**PROBLEM STATEMENT:** Retype exactly the lines from the one with "Some of the text" down to the final line of the material below, both included, and nothing more.

**INPUT FOR THIS TASK:**

════

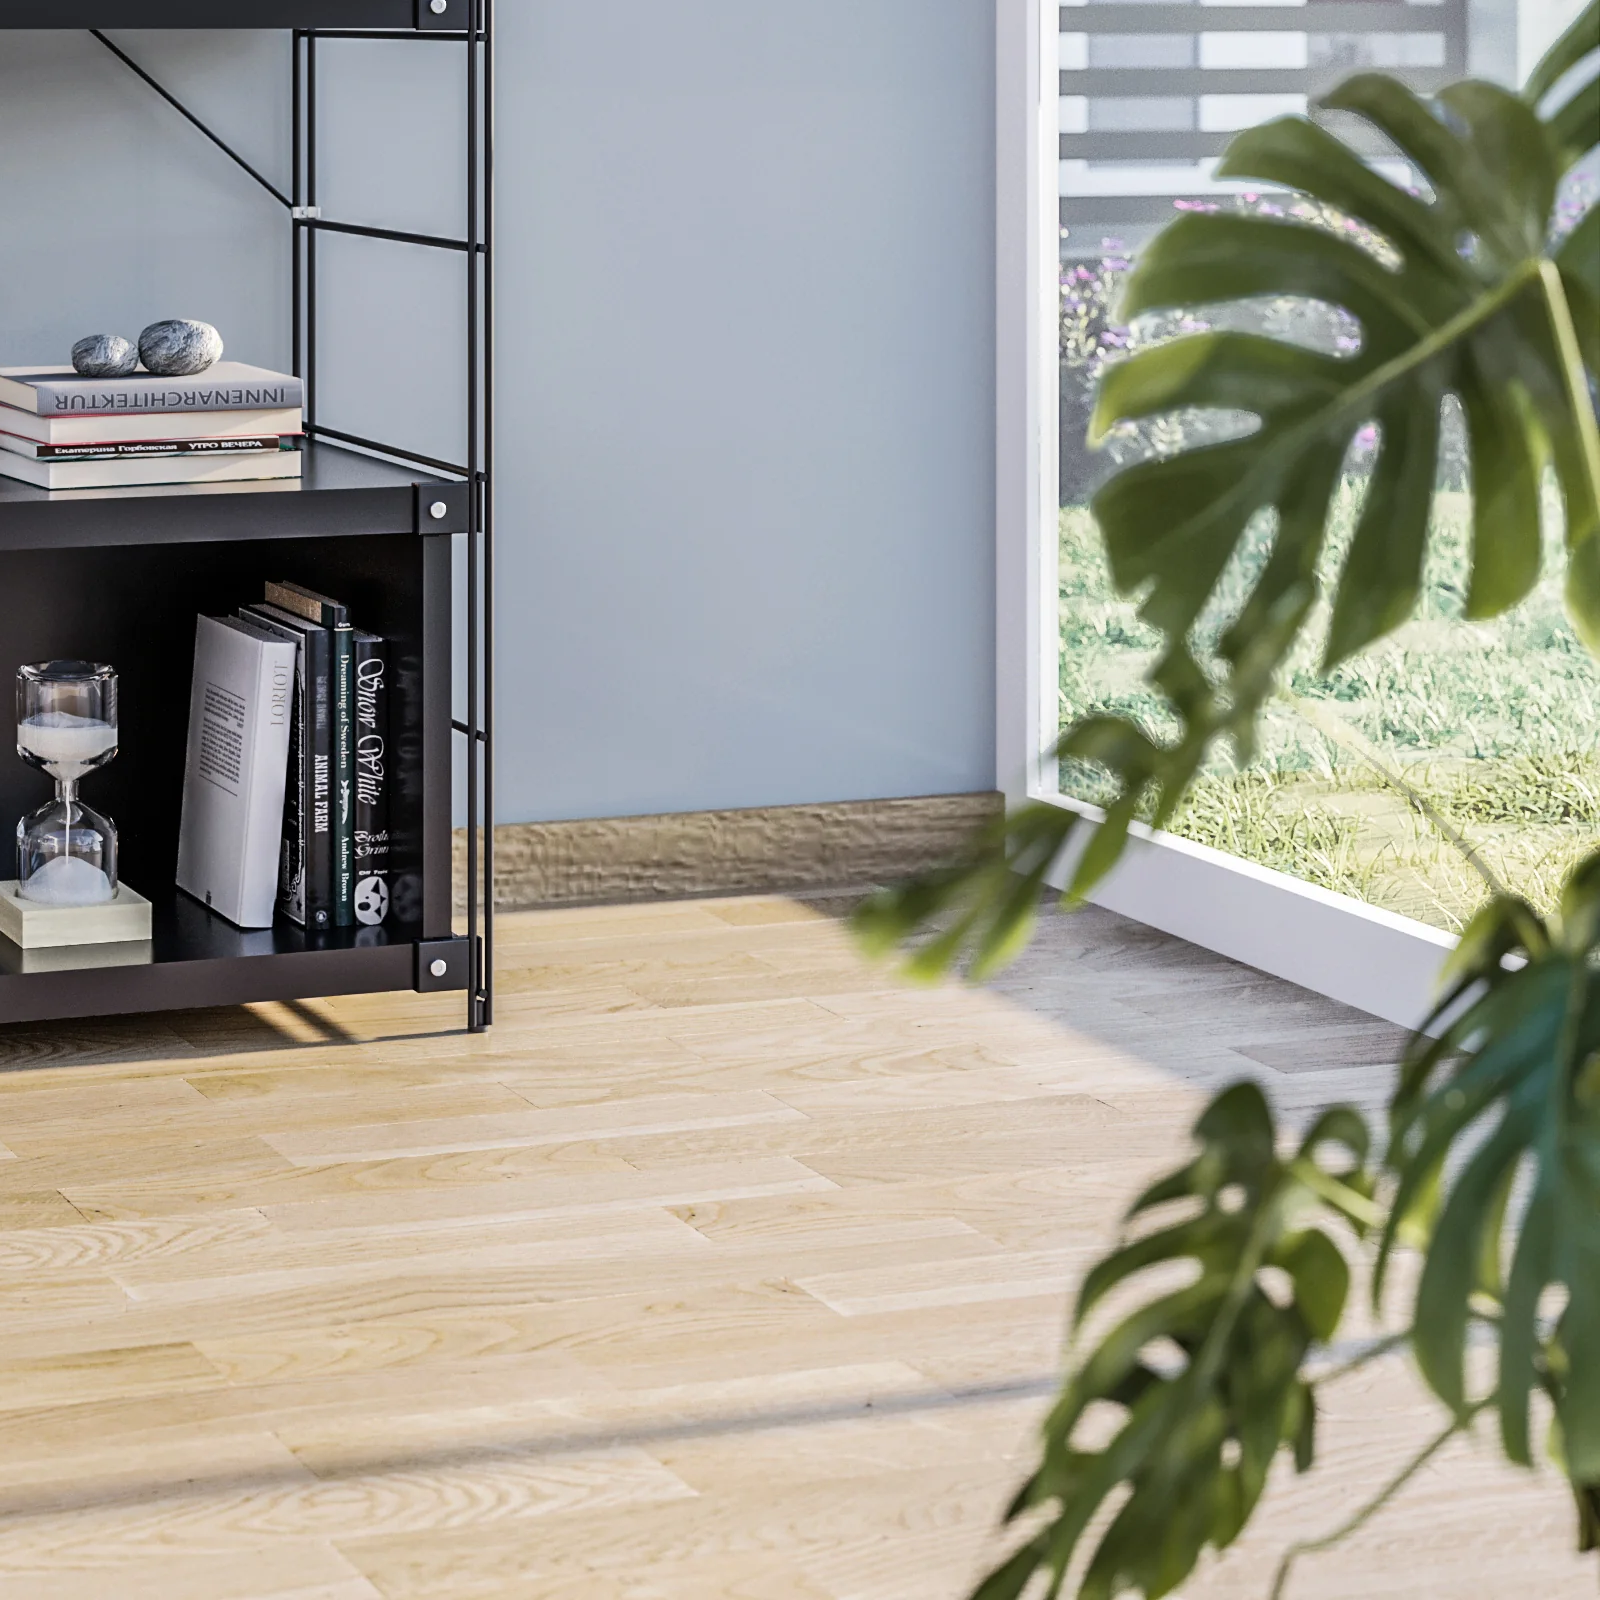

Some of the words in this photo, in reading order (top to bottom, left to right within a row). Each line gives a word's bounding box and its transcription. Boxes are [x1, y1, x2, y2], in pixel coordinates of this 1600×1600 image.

[55, 387, 286, 410] INNENARCHITEKTUR
[54, 445, 116, 455] Екатерина
[118, 443, 178, 453] Горбовская
[188, 441, 218, 450] УТРО
[221, 440, 263, 449] ВЕЧЕРА
[271, 662, 288, 726] LORIOT
[338, 654, 350, 709] Dreaming
[357, 658, 385, 729] Snow
[340, 711, 350, 723] of
[340, 725, 349, 769] Sweden
[315, 754, 328, 799] ANIMAL
[357, 734, 385, 806] White
[315, 801, 328, 833] FARM
[341, 835, 350, 870] Andrew
[341, 873, 350, 902] Brown
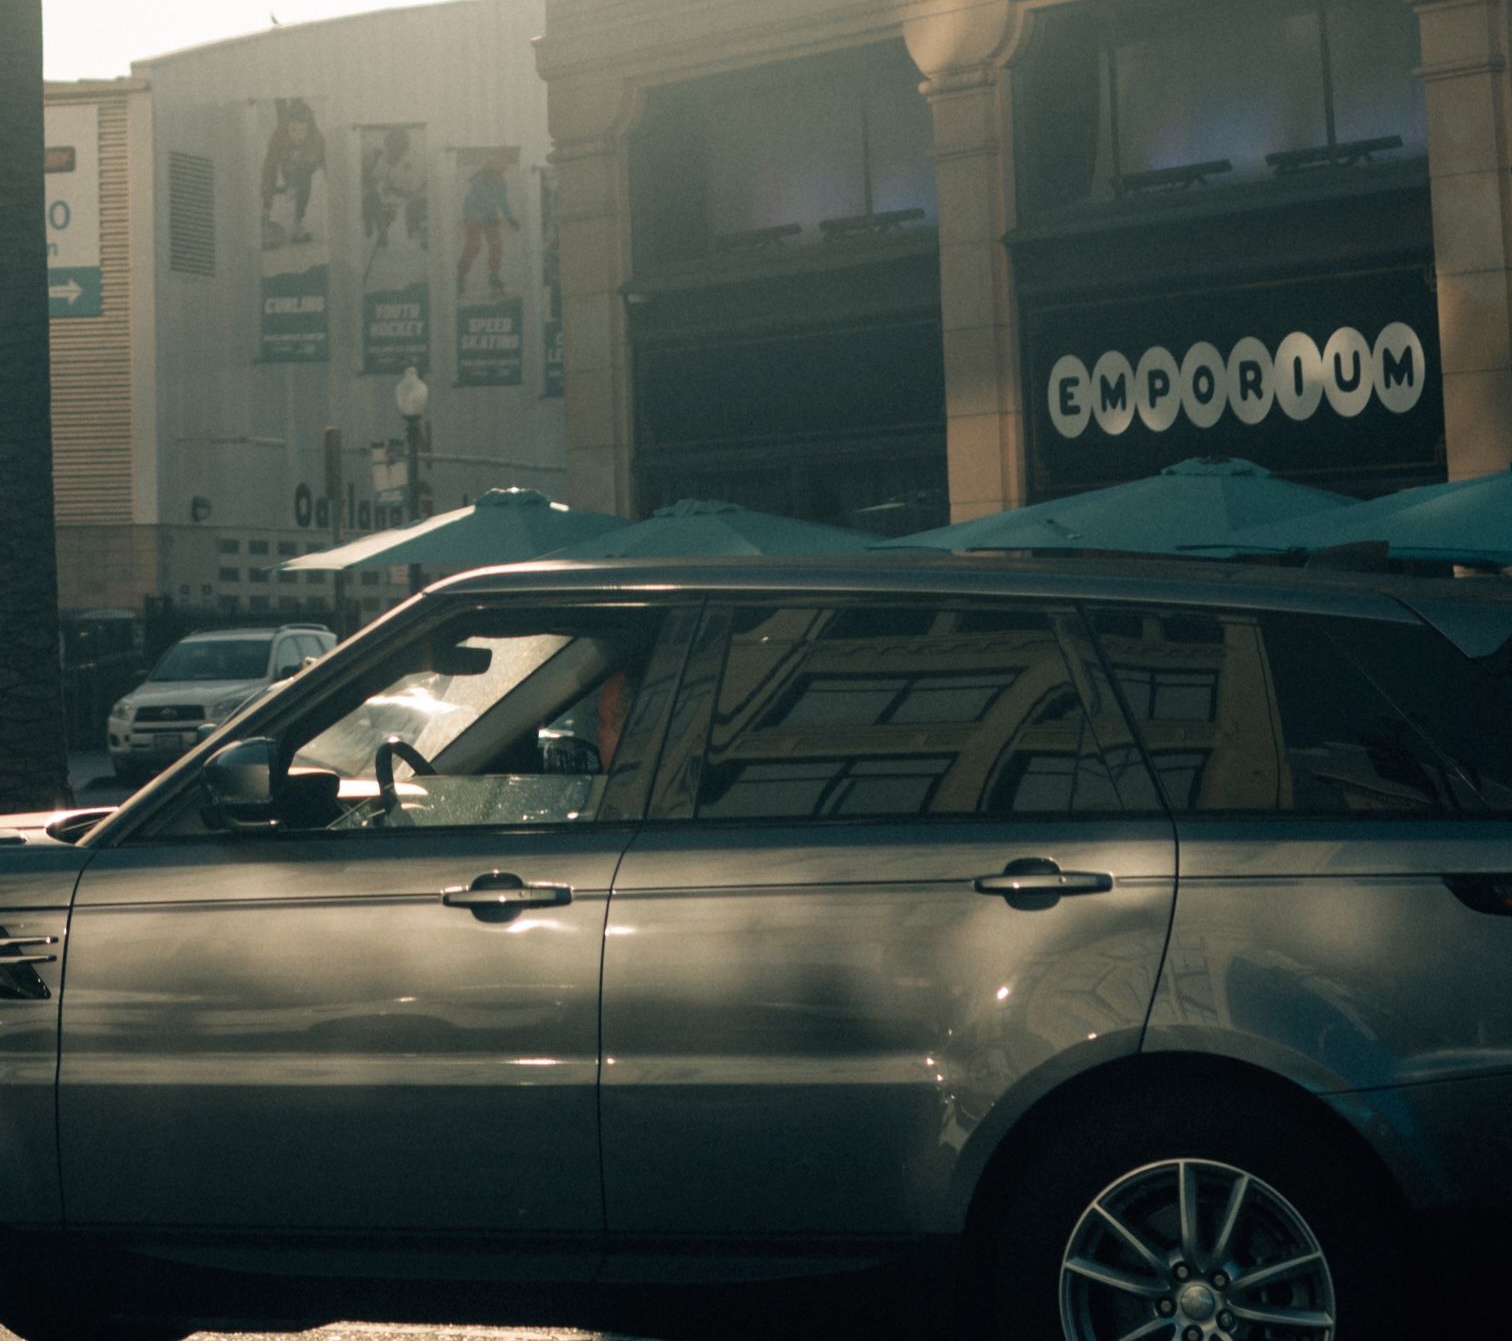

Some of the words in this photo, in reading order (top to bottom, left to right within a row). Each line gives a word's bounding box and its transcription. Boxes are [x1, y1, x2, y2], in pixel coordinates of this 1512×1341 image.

[468, 318, 513, 333] SPEED
[461, 333, 520, 350] SKATING
[1056, 341, 1417, 419] EMPORIUM
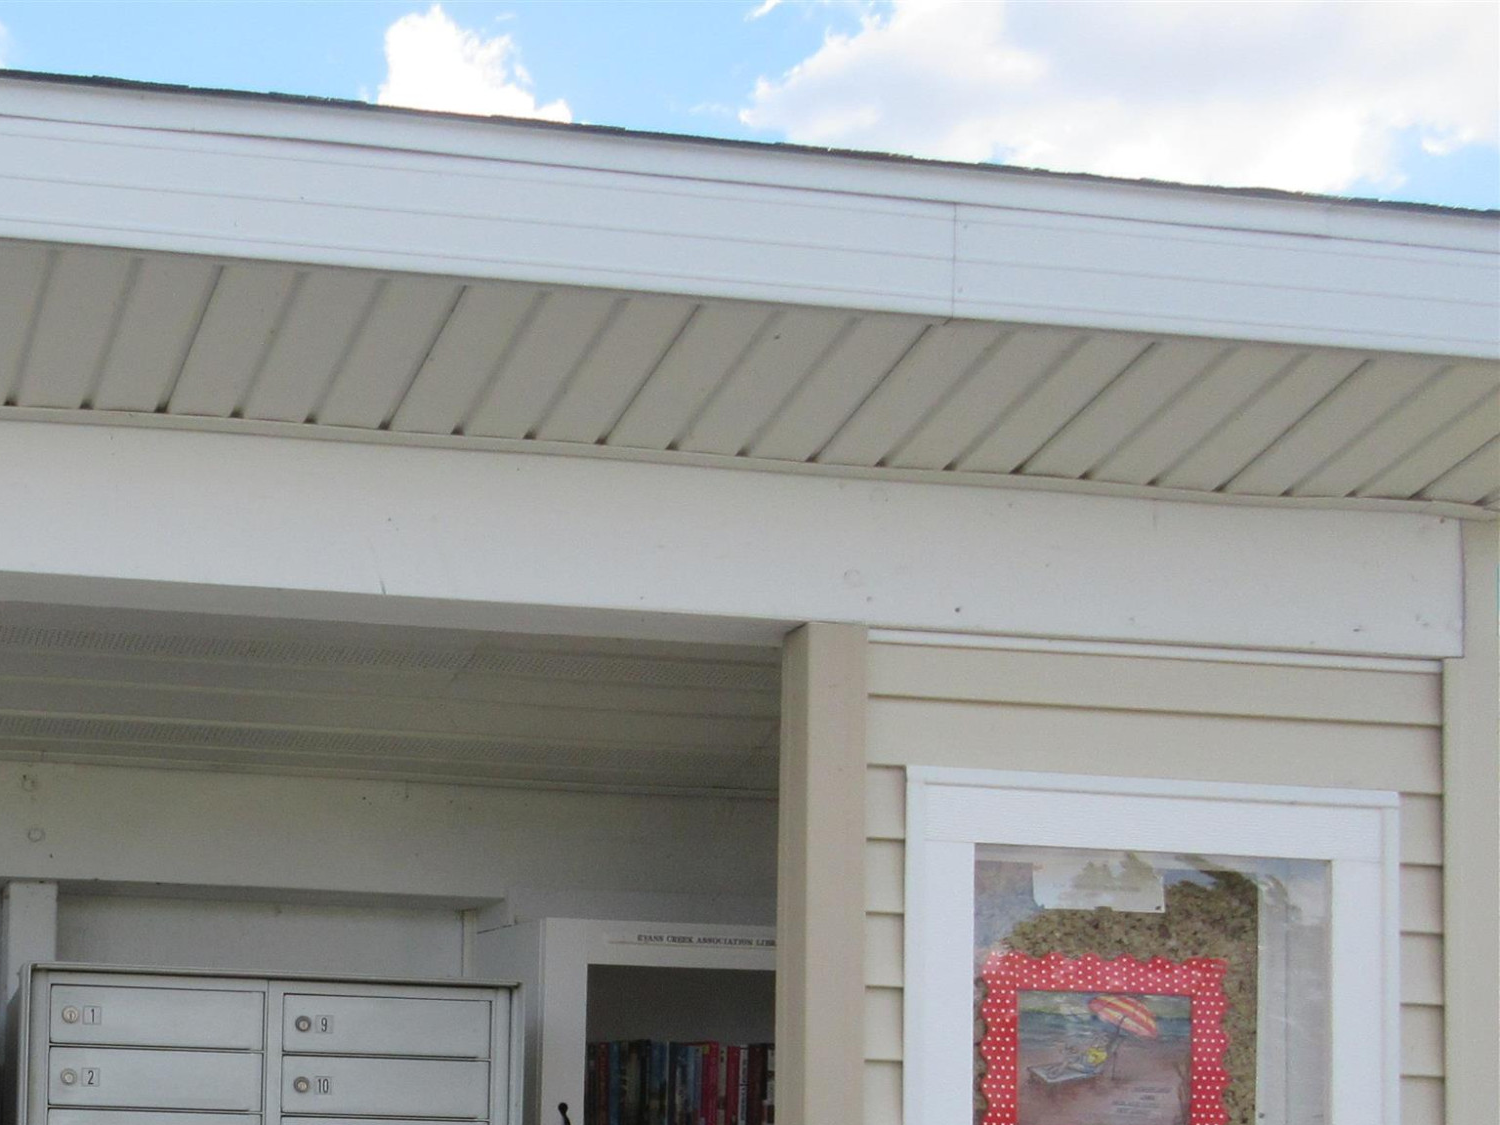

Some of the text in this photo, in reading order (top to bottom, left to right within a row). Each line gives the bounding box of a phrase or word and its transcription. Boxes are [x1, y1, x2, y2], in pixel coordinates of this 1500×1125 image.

[637, 934, 664, 942] EVANS
[666, 935, 694, 943] CREEK
[697, 937, 754, 946] ASSOCIATION
[320, 1016, 328, 1032] 9
[87, 1070, 95, 1085] 2
[316, 1078, 330, 1094] 10

════

**WRITTEN ANSWER:**
Some of the text in this photo, in reading order (top to bottom, left to right within a row). Each line gives the bounding box of a phrase or word and its transcription. Boxes are [x1, y1, x2, y2], in pixel coordinates of this 1500×1125 image.

[637, 934, 664, 942] EVANS
[666, 935, 694, 943] CREEK
[697, 937, 754, 946] ASSOCIATION
[320, 1016, 328, 1032] 9
[87, 1070, 95, 1085] 2
[316, 1078, 330, 1094] 10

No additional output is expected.